Thyroid disorders are of major concern in the U.S., primarily because many cases go undiagnosed and untreated. The thyroid gland, which is located in the lower neck, is responsible for producing hormones that regulate functions throughout the body. Unfortunately, the symptoms of functional thyroid disorders are often overlooked and discounted. But we know that having a thyroid imbalance looks different for everyone.

Did you know…

that poor thyroid function is a relatively common occurrence among American adults? In fact, the American Thyroid Association reports that 12 percent of the total U.S. population will eventually develop a thyroid disorder. The majority of these individuals are women, who are 5 times more likely to develop thyroid problems than men. Furthermore, 20 million people have an actual thyroid disease, though most are oblivious to their condition and are undiagnosed.

Frequently Asked Questions

How do I know if I may need treatment for a functional thyroid disorder?

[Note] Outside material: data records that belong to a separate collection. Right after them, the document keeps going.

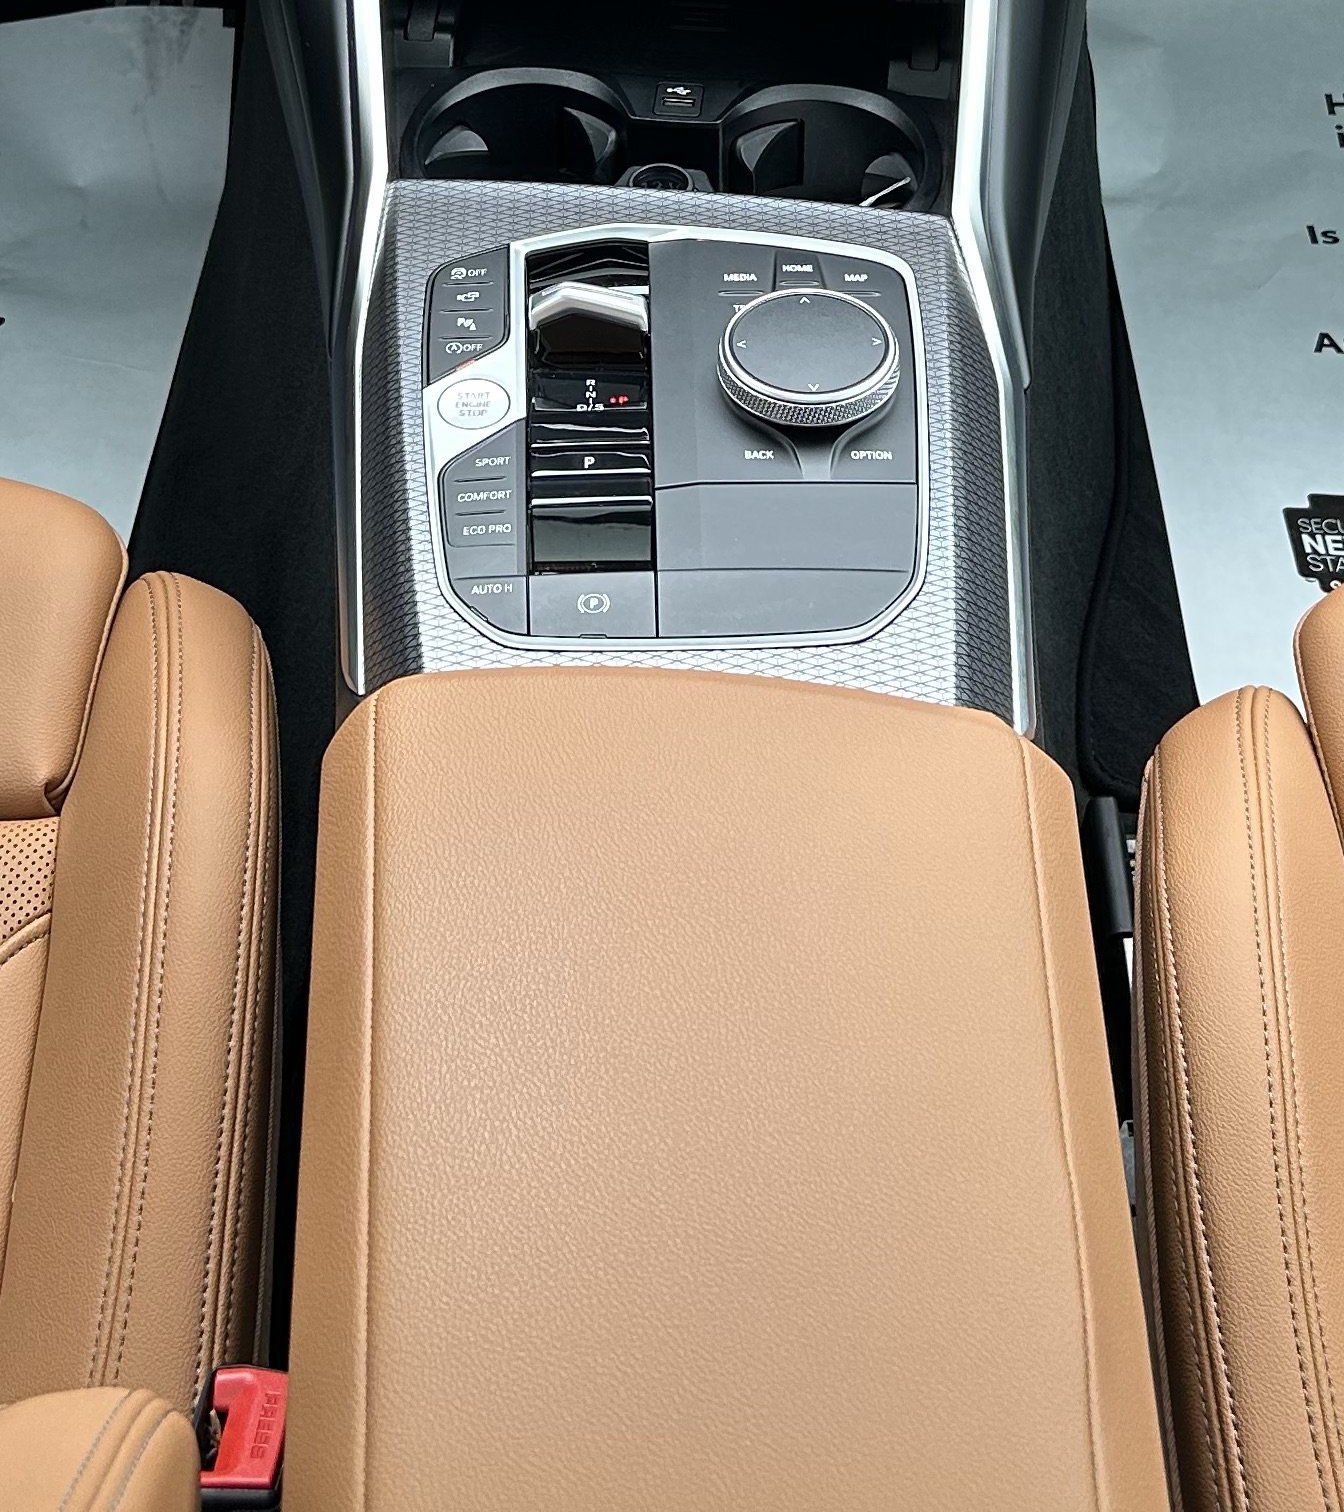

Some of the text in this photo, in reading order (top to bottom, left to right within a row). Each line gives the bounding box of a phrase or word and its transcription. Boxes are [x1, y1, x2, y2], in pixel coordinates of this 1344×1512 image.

[1306, 225, 1340, 245] Is
[468, 268, 488, 277] OFF
[782, 264, 813, 272] HOME
[723, 273, 757, 282] MEDIA
[844, 273, 868, 282] MAP
[463, 343, 483, 353] OFF
[459, 409, 487, 417] STOP
[744, 450, 774, 460] BACK
[851, 450, 893, 460] OPTION
[475, 456, 511, 467] SPORT
[584, 456, 595, 468] P
[457, 490, 512, 502] COMFORT
[463, 524, 512, 536] ECO PRO
[471, 584, 513, 595] AUTO H
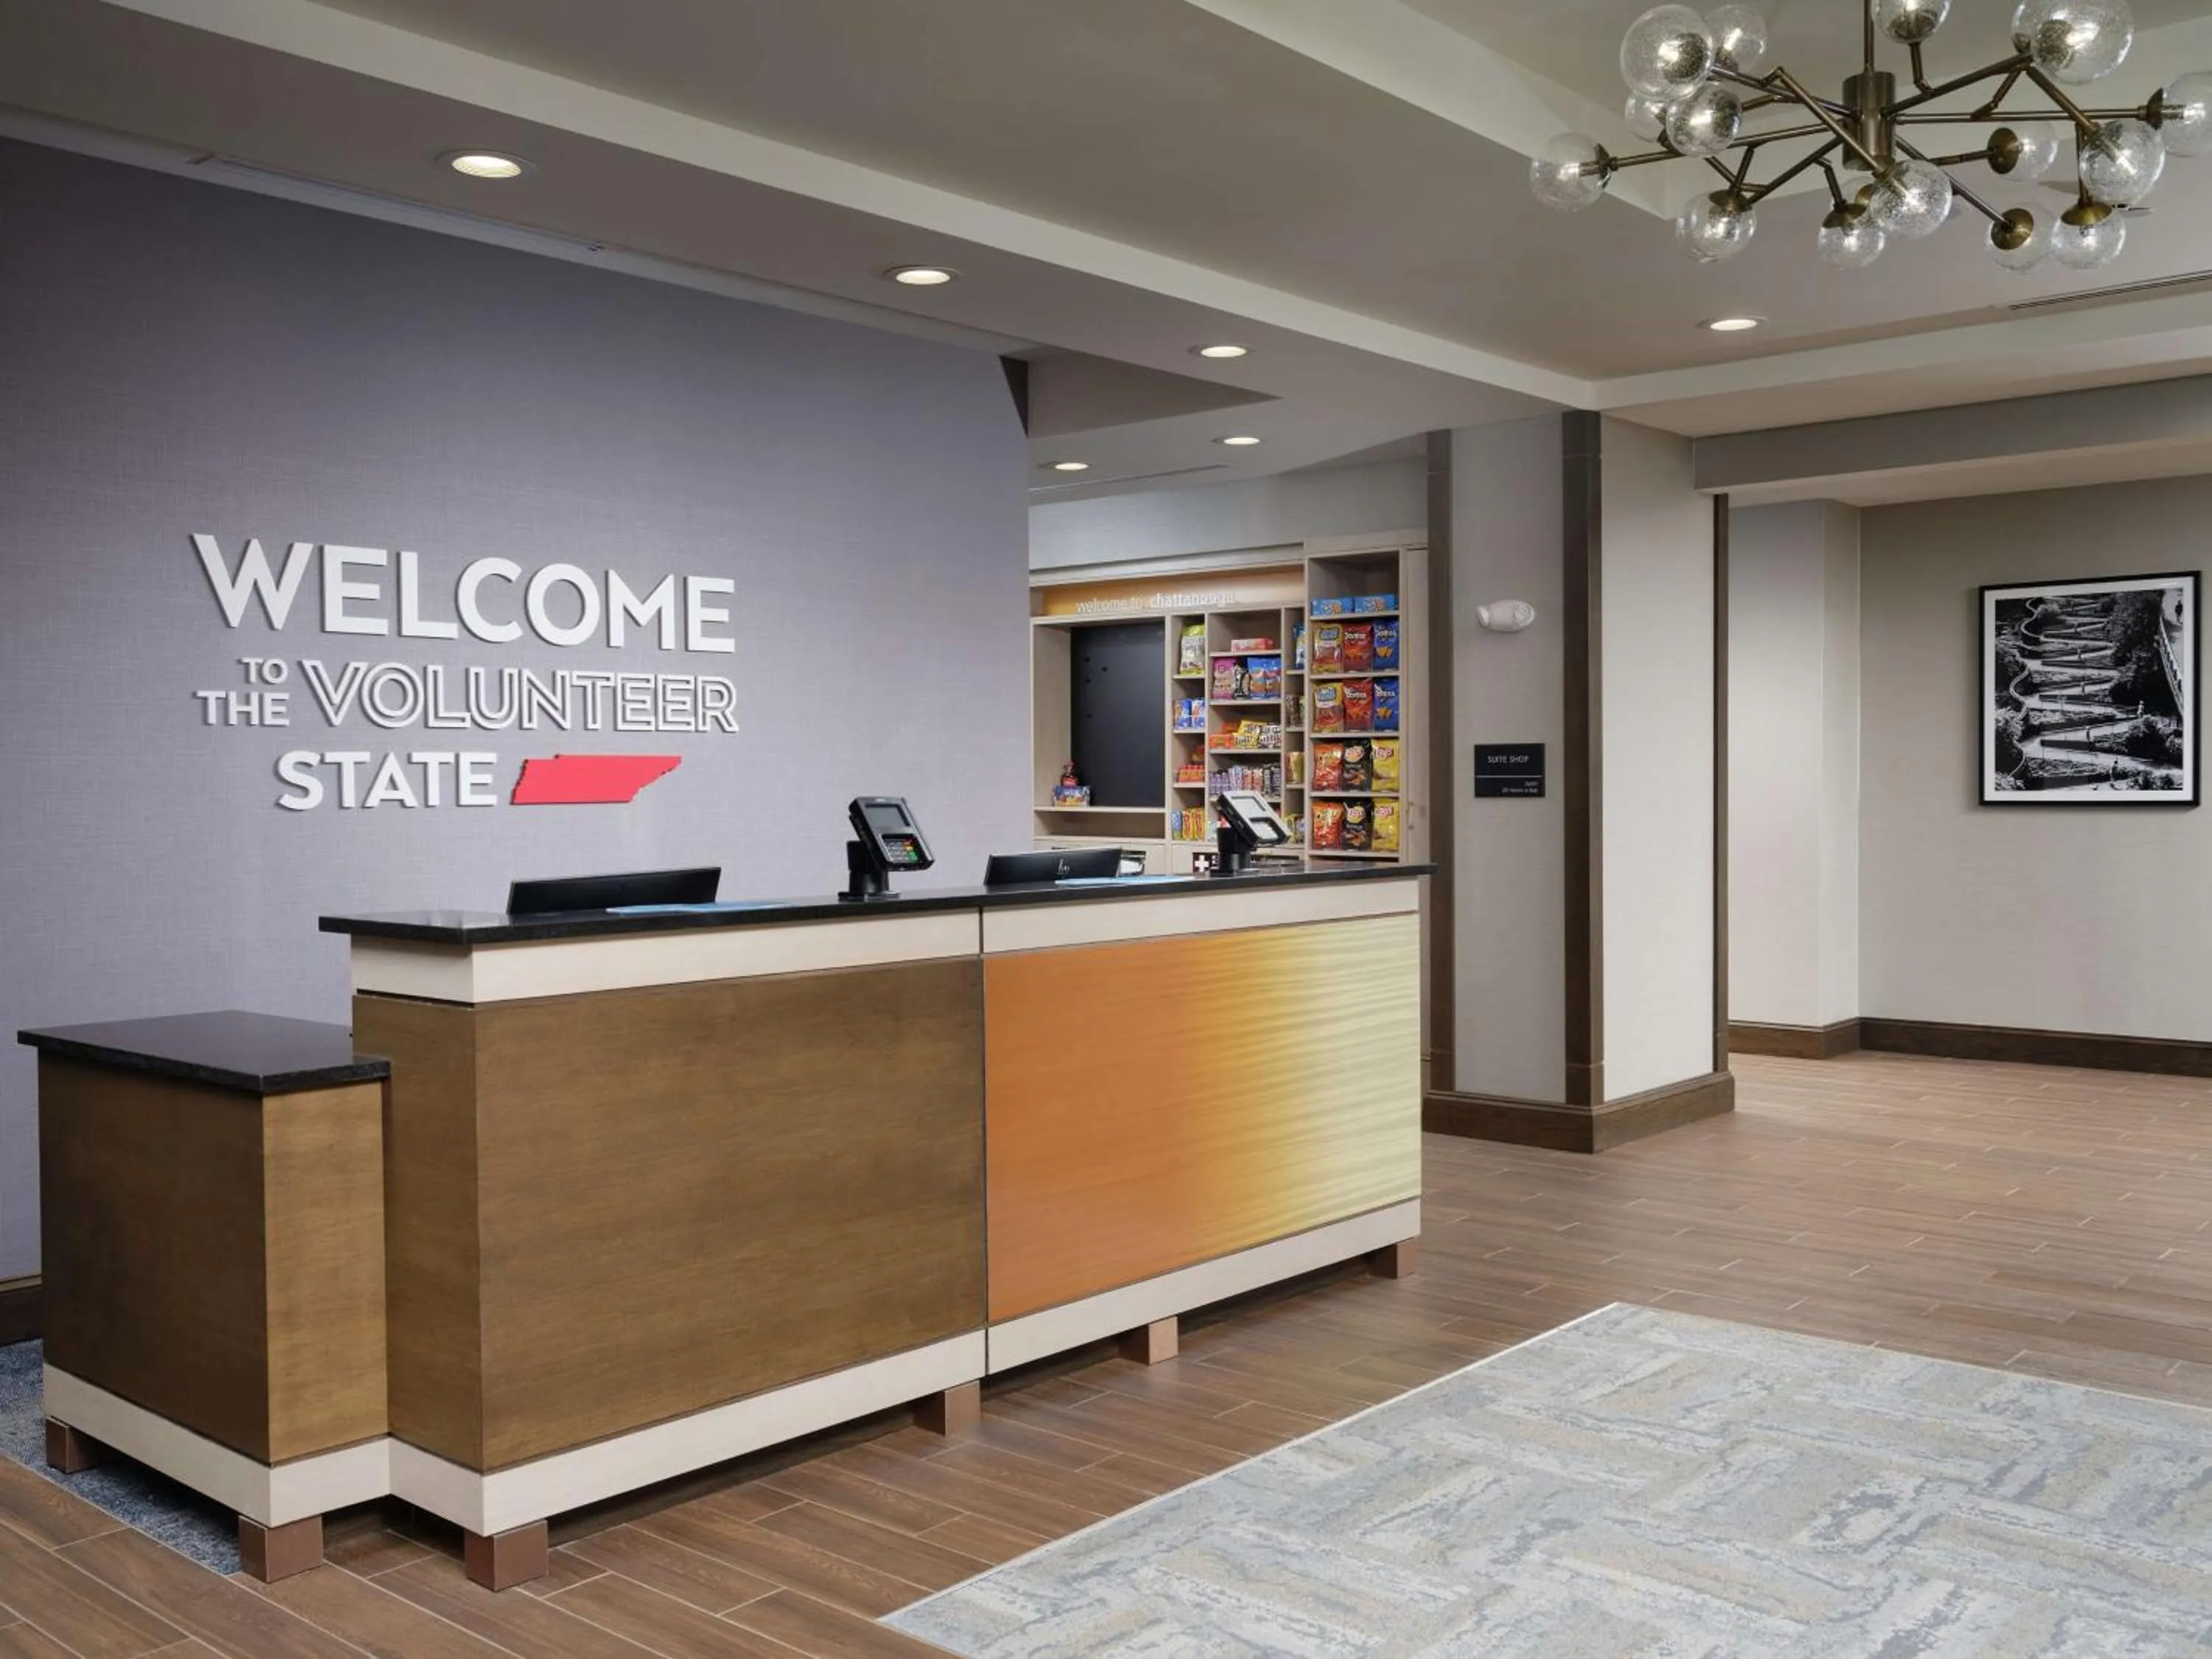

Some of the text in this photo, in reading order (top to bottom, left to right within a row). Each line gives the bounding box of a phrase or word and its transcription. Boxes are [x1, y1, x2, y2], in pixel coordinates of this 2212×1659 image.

[189, 533, 736, 653] WELCOME
[195, 660, 739, 733] THE VOLUNTEER
[240, 657, 288, 685] TO
[276, 750, 498, 811] STATE
[1486, 754, 1530, 764] SUITE SHOP

The symptoms of thyroid disorders vary, but often include:
Changes in bowel habits (long-term constipation or diarrhea)
Enlarged neck
Irregular menstruation
Difficulty conceiving
Musculoskeletal pain
Anxiety disorders
Unexplained weight gain or loss
Chronic fatigue

How will you evaluate my thyroid health?

Many of our patients have been tested for thyroid dysfunction before and told they were ‘normal’ despite having many symptoms of an underlying disorder. We do more than just draw blood to analyze thyroid hormone production. Our staff knows that a person with a fully functioning thyroid can still have an underlying disorder. For example, a thyroid that releases a normal amount of inactive hormone may be healthy, but an unhealthy liver or GI tract could prevent that hormone from being converted into an active hormone. This can lead to symptoms of underactive thyroid although the thyroid was not the problem.

What treatments are available to improve my thyroid function?

Our goal is to treat our patients’ whole bodies, not just the thyroid. That means investigating to find out the source of underactive or overactive thyroid symptoms. In some cases, we find that patients are simply deficient in a nutrient that promotes thyroid health. In others, we may determine that diet and lifestyle modifications need to be made to facilitate healthier internal systems. Our goal is to empower the body to heal and correct itself as naturally as possible.